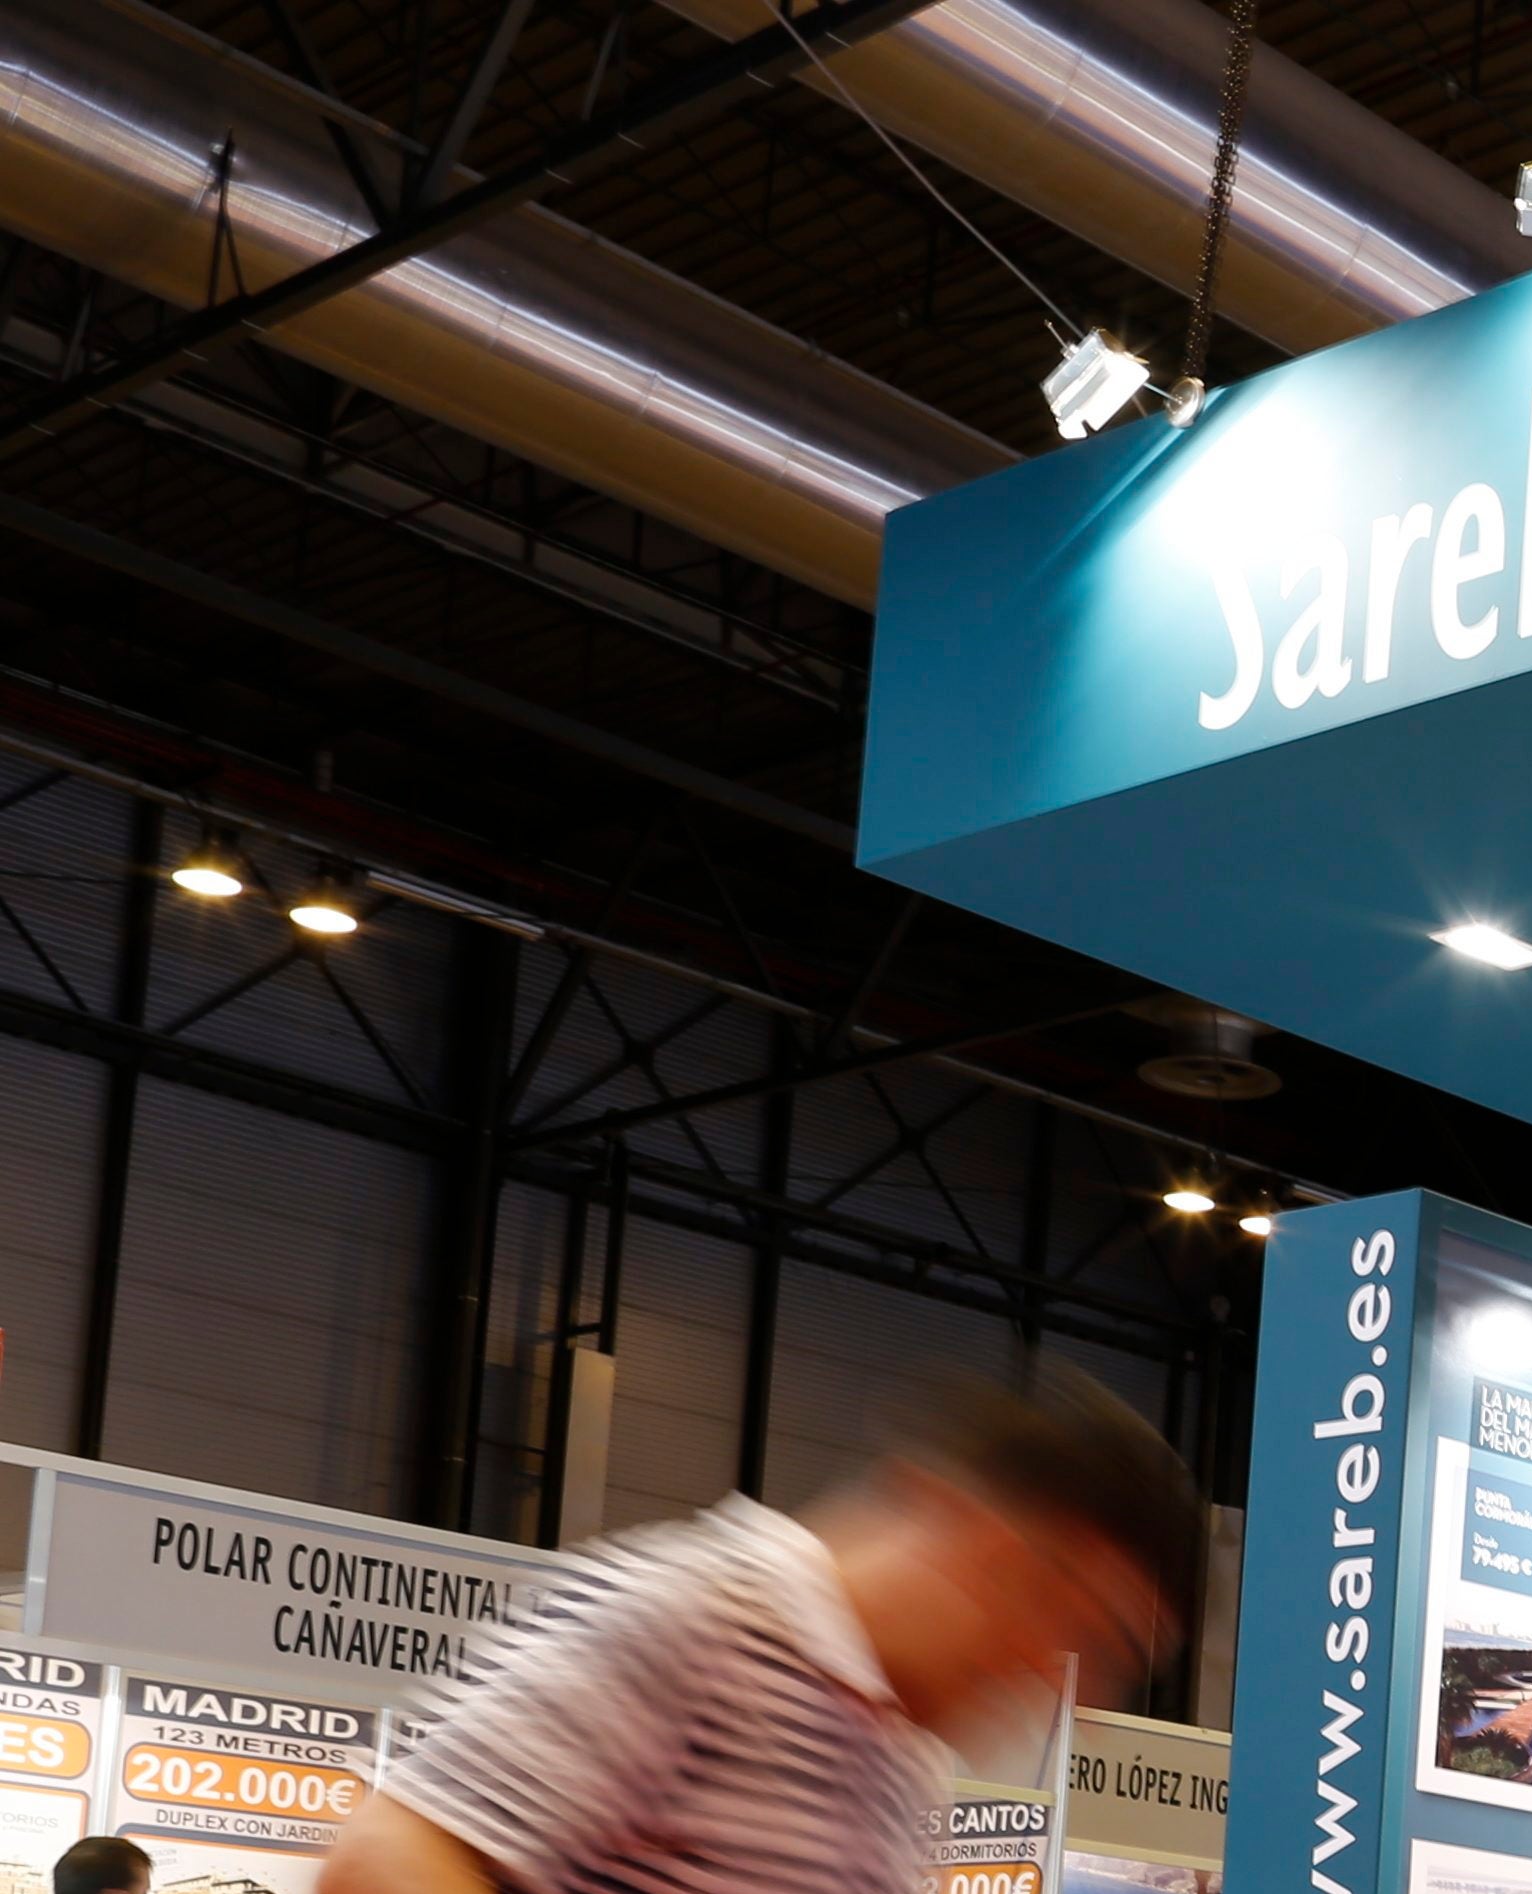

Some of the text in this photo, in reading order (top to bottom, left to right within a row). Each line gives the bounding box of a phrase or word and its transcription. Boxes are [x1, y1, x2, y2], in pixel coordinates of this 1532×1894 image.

[1482, 1386, 1502, 1411] LA
[1480, 1405, 1511, 1435] DEL
[1475, 1487, 1512, 1510] PUNTA
[153, 1517, 272, 1585] POLAR
[289, 1543, 518, 1628] CONTINENTAL
[274, 1601, 472, 1682] CAÑAVERAL
[143, 1684, 359, 1739] MADRID
[153, 1725, 347, 1765] 123 METROS
[129, 1752, 357, 1816] 202.000€
[1116, 1755, 1184, 1807] LÓPEZ
[156, 1808, 229, 1832] DUPLEX
[234, 1818, 273, 1837] CON
[950, 1804, 1045, 1834] CANTOS
[941, 1843, 1037, 1862] DORMITORIOS
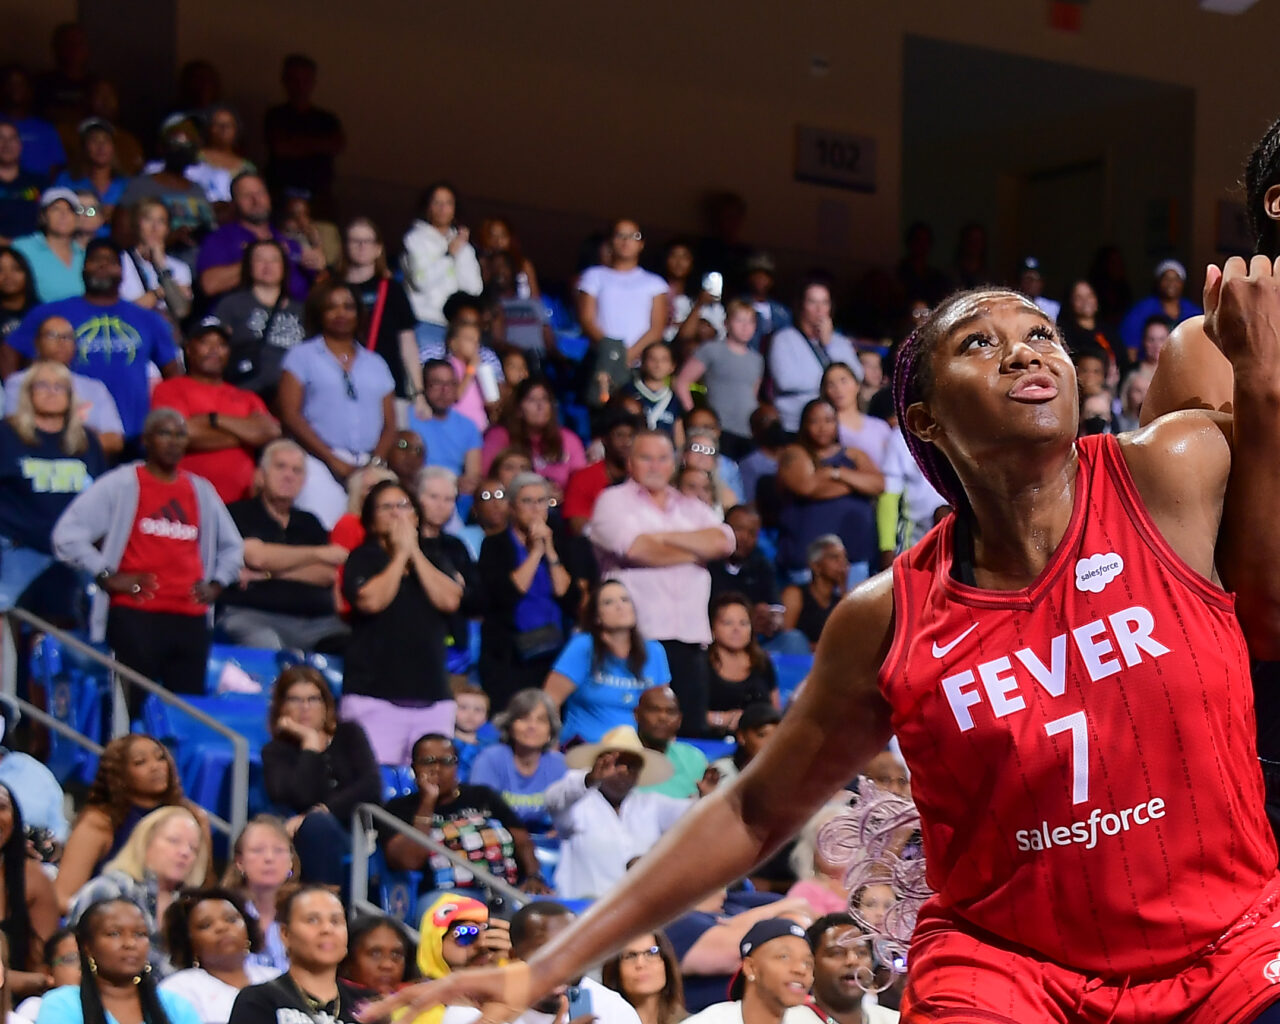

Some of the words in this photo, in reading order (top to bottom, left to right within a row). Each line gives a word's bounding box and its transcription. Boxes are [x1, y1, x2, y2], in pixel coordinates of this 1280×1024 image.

▶ [What you need to do]
The records are to be retyped in full and exactly, with no image carried over.

▶ [Finished task]
Some of the text in this photo, in reading order (top to bottom, left to right within a row). Each line gives the bounding box of a phrase or word and its transcription. Boxes are [x1, y1, x2, y2], in pixel coordinates of this 1532×1894 image.

[1482, 1386, 1502, 1411] LA
[1480, 1405, 1511, 1435] DEL
[1475, 1487, 1512, 1510] PUNTA
[153, 1517, 272, 1585] POLAR
[289, 1543, 518, 1628] CONTINENTAL
[274, 1601, 472, 1682] CAÑAVERAL
[143, 1684, 359, 1739] MADRID
[153, 1725, 347, 1765] 123 METROS
[129, 1752, 357, 1816] 202.000€
[1116, 1755, 1184, 1807] LÓPEZ
[156, 1808, 229, 1832] DUPLEX
[234, 1818, 273, 1837] CON
[950, 1804, 1045, 1834] CANTOS
[941, 1843, 1037, 1862] DORMITORIOS

Some of the words in this photo, in reading order (top to bottom, left to right within a row). Each line gives a word's bounding box and its transcription. Boxes are [x1, y1, x2, y2], in pixel coordinates of this 1280×1024 image.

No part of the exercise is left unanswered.